The piece begins by discussing Kasowitz’s lateral hiring coups. In January 2010, the firm brought over Robin Cohen and her insurance coverage team from Dickstein Shapiro, a 13-lawyer practice with a $20 million book of business. Also in January, the firm welcomed Marcos Daniel Jiménez, former U.S. attorney for the Southern District of Florida, who took over as managing partner of Kasowitz’s 11-lawyer Miami office.
Kasowitz Benson has a number of prominent partners, but Marc Kasowitz is still firmly in charge:
The firm has been able to move aggressively in large part thanks to Mr. Kasowitz, 58, whose control over the law firm carrying his name draws few comparisons. Almost all governance has been vested in Mr. Kasowitz, the firm’s chief rainmaker, who calls the shots on what are typically committee-driven decisions at other firms, particularly with compensation.
A few other firms have this type of dictatorial structure — one thinks of Jones Day, where the managing partner exercises great power — but it’s definitely the exception rather than the rule.
Despite his management duties, Marc Kasowitz somehow manages to find the time to maintain his own very successful litigation practice. When he left Mayer Brown, he had a book of $20 million to $30 million — and today the number is even larger:
With clients including Celanese Chemicals Inc., Fortress Investment Group, MBIA Inc. and Fairfax Financial Holdings Limited, Mr. Kasowitz continues to lay claim to the firm’s largest book of business. A source estimated his clients’ billings were consistently north of $75 million, though Mr. Kasowitz declined to comment on the size of his business. Gross revenue at the firm overall last year was $226 million, up 2.2 percent.
Given the economic climate, an increase in revenue, even a small one, is good news. And the firm continues to expand in terms of headcount:
While the firm’s heart remains in New York, where it houses about 300 attorneys, Kasowitz Benson has gradually been growing outside Manhattan. In 2007, the firm expanded what is today an 18-lawyer San Francisco outpost through a merger with white-collar boutique Topel & Goodman, which had seven lawyers, including partners Marcus Topel and William Goodman. Last October, the office added employment litigation partner Brendan Dolan from Morgan Lewis & Bockius.
The Miami office that opened last year came through with the addition of the three name partners from an Akerman Senterfitt spin-off, Silverman Cosgrove & Sammataro, including Lawrence D. Silverman, the former head of Akerman’s litigation department in Miami. Another two Miami lawyers, Kelly Luther and Maria Ruiz, joined from Clarke Silverglate & Campbell, which had been the local counsel on Liggett’s Florida litigation.
Of course, this type of growth through lateral hiring isn’t for everyone. For example, older firms that pride themselves on having a very stable and unified firm culture would never take this approach (and might even deride it as déclassé).

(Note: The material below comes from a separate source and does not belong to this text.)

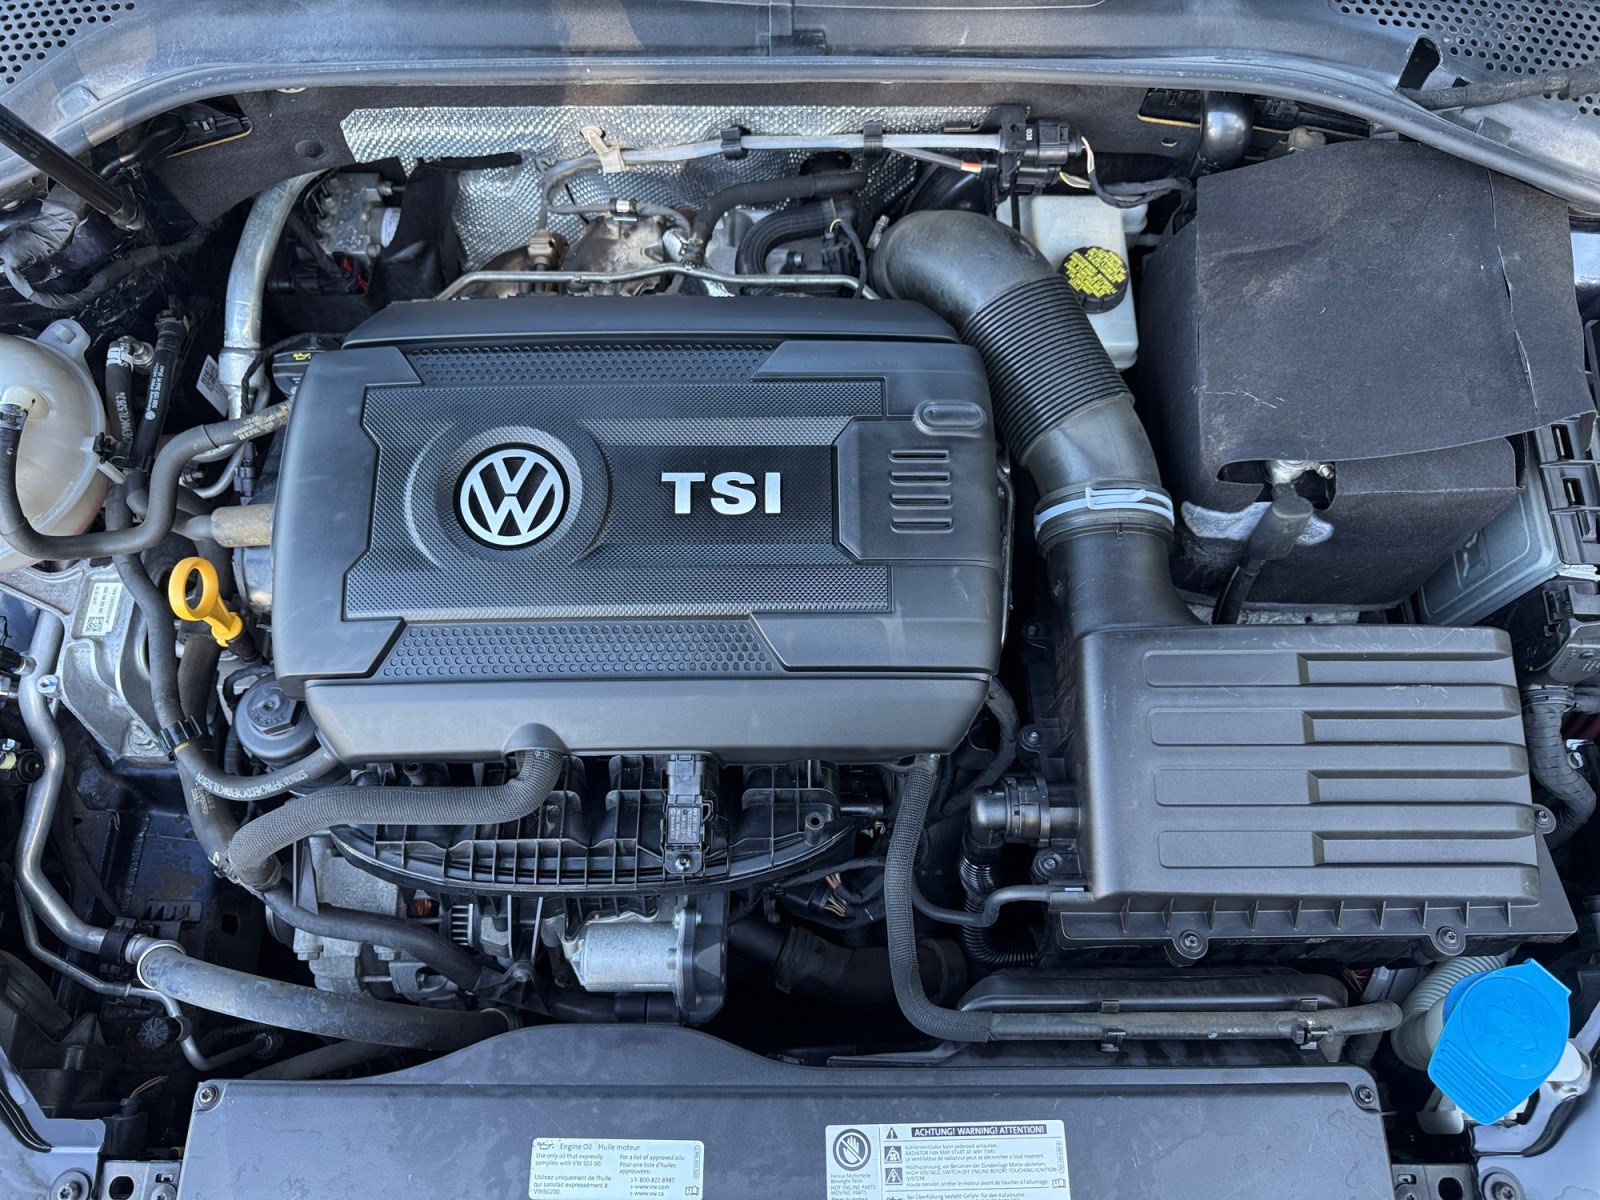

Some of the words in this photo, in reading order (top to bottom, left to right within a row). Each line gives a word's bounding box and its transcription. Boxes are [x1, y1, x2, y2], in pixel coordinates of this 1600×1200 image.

[661, 471, 782, 515] TSI
[914, 1128, 956, 1136] ACHTUNG!
[958, 1127, 998, 1136] WARNING!
[1000, 1126, 1044, 1134] ATTENTION!

But unless and until Kasowitz Benson’s fortunes go south, it’s hard to argue with success. In 2009, average profits per equity partner for the firm came in at $2.08 million, for a #18 ranking in the Am Law 200. (This was a 6.2 percent dip from 2008, but Marc Kasowitz explains that it reflected the cost of hiring laterals and opening the Miami location.)
About halfway through the (rather lengthy) article, reporter Nate Raymond reaches the issue that you’ve been waiting to hear about: the firm’s reputation for taking a brass-knuckles approach to litigation.

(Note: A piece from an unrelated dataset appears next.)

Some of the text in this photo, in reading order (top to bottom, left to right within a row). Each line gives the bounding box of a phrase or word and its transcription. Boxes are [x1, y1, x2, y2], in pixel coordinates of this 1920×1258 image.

If one word describes the firm’s lawyers, clients and adversaries agree it would be “aggressive.” David Brooks, general counsel for Fortress Investment Group, said “when there’s a tough, call it rough-and-tumble kind of litigation, those are the guys I would go to.”

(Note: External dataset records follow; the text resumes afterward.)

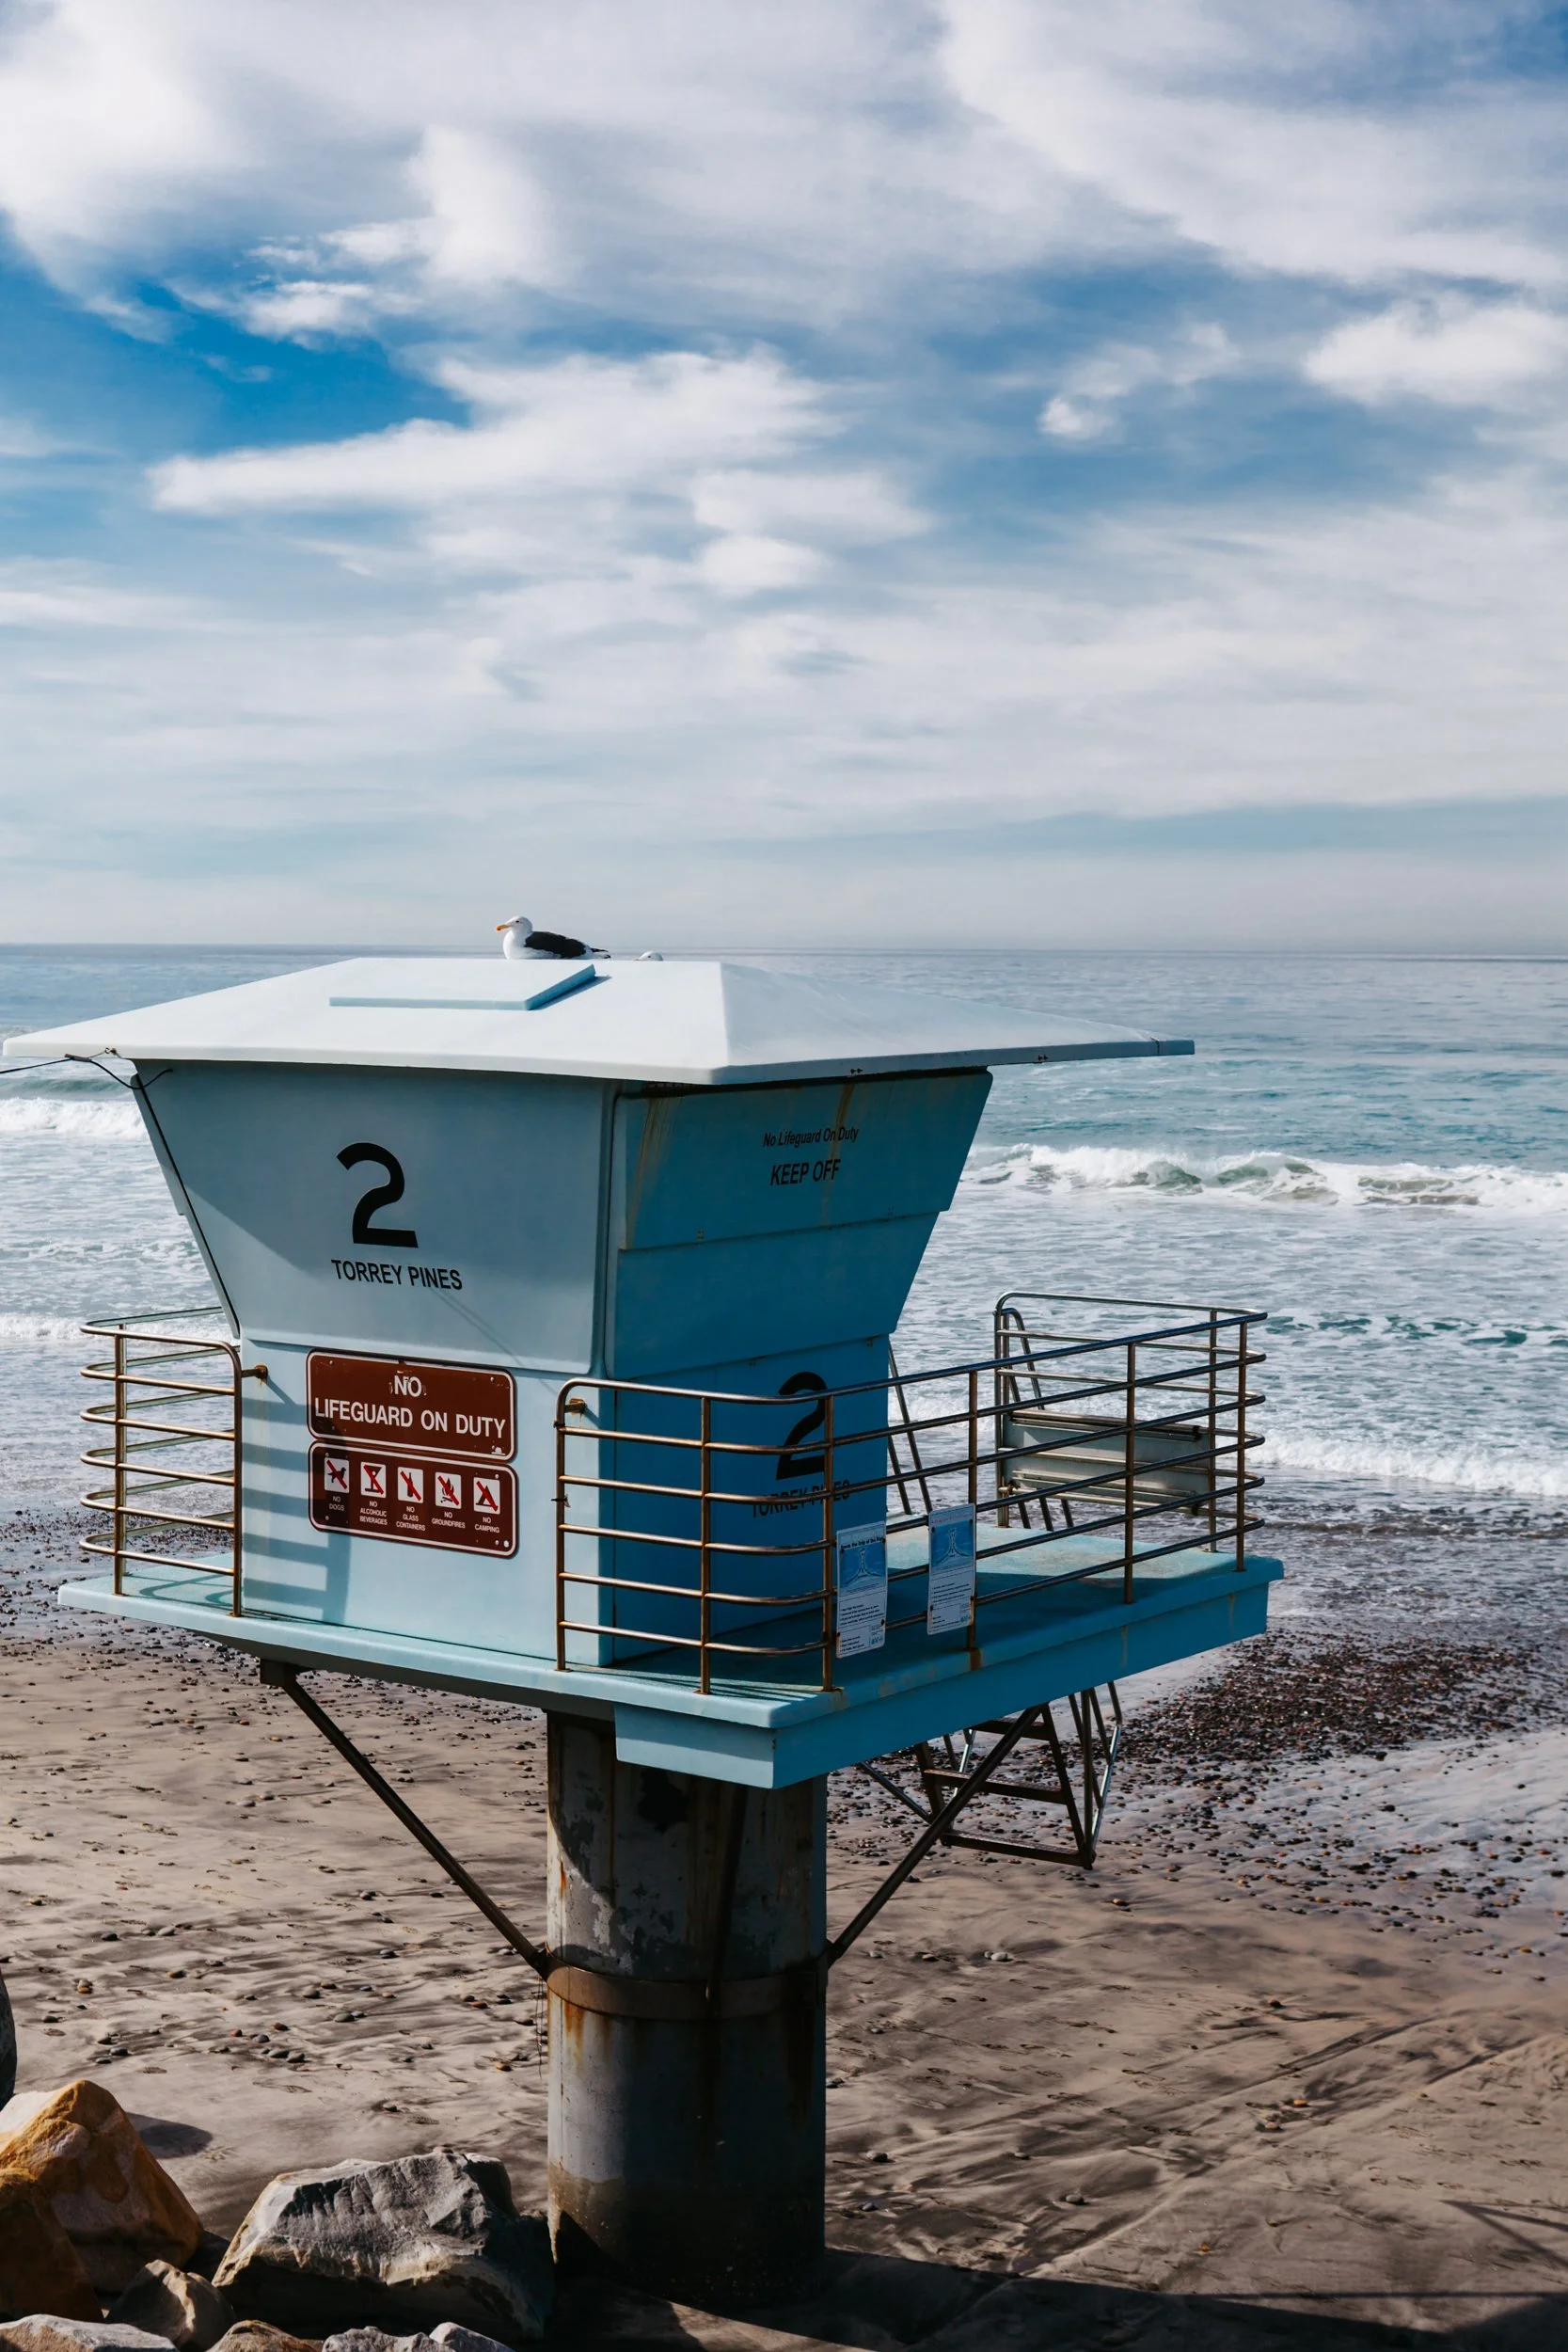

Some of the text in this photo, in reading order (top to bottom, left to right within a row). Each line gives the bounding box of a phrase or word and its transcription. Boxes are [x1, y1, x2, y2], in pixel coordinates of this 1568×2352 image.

[763, 1126, 859, 1148] No Lifeguard On Duty
[770, 1159, 841, 1185] KEEP OFF
[337, 1142, 419, 1248] 2
[331, 1259, 463, 1290] TORREY PINES
[393, 1375, 422, 1398] NO
[314, 1397, 506, 1438] LIFEGUARD ON DUTY
[776, 1371, 829, 1481] 2
[812, 1480, 850, 1506] PIES
[328, 1502, 345, 1512] DOGS
[359, 1507, 388, 1518] ALCOHOLIC
[402, 1513, 420, 1522] GLASS
[359, 1515, 388, 1526] BEVERAGES
[395, 1520, 426, 1532] CONTAINERS
[431, 1518, 467, 1529] GROUNDFIRES
[474, 1524, 500, 1534] CAMPING

“They’re not afraid to get their hands dirty,” he said.
Critics (including defeated adversaries) might say too dirty — but the firm counts at least one other hard-nosed litigator as a fan:
John Quinn, the head of competitor Quinn Emanuel Urquhart & Sullivan, said he sees nothing wrong with the way Kasowitz Benson pursues litigation, adding he would hire the firm if his shop were ever in trouble. Any complaints stem from Kasowitz Benson’s approach of not following “the conventional rules of how it’s thought law firms ought to behave,” he said.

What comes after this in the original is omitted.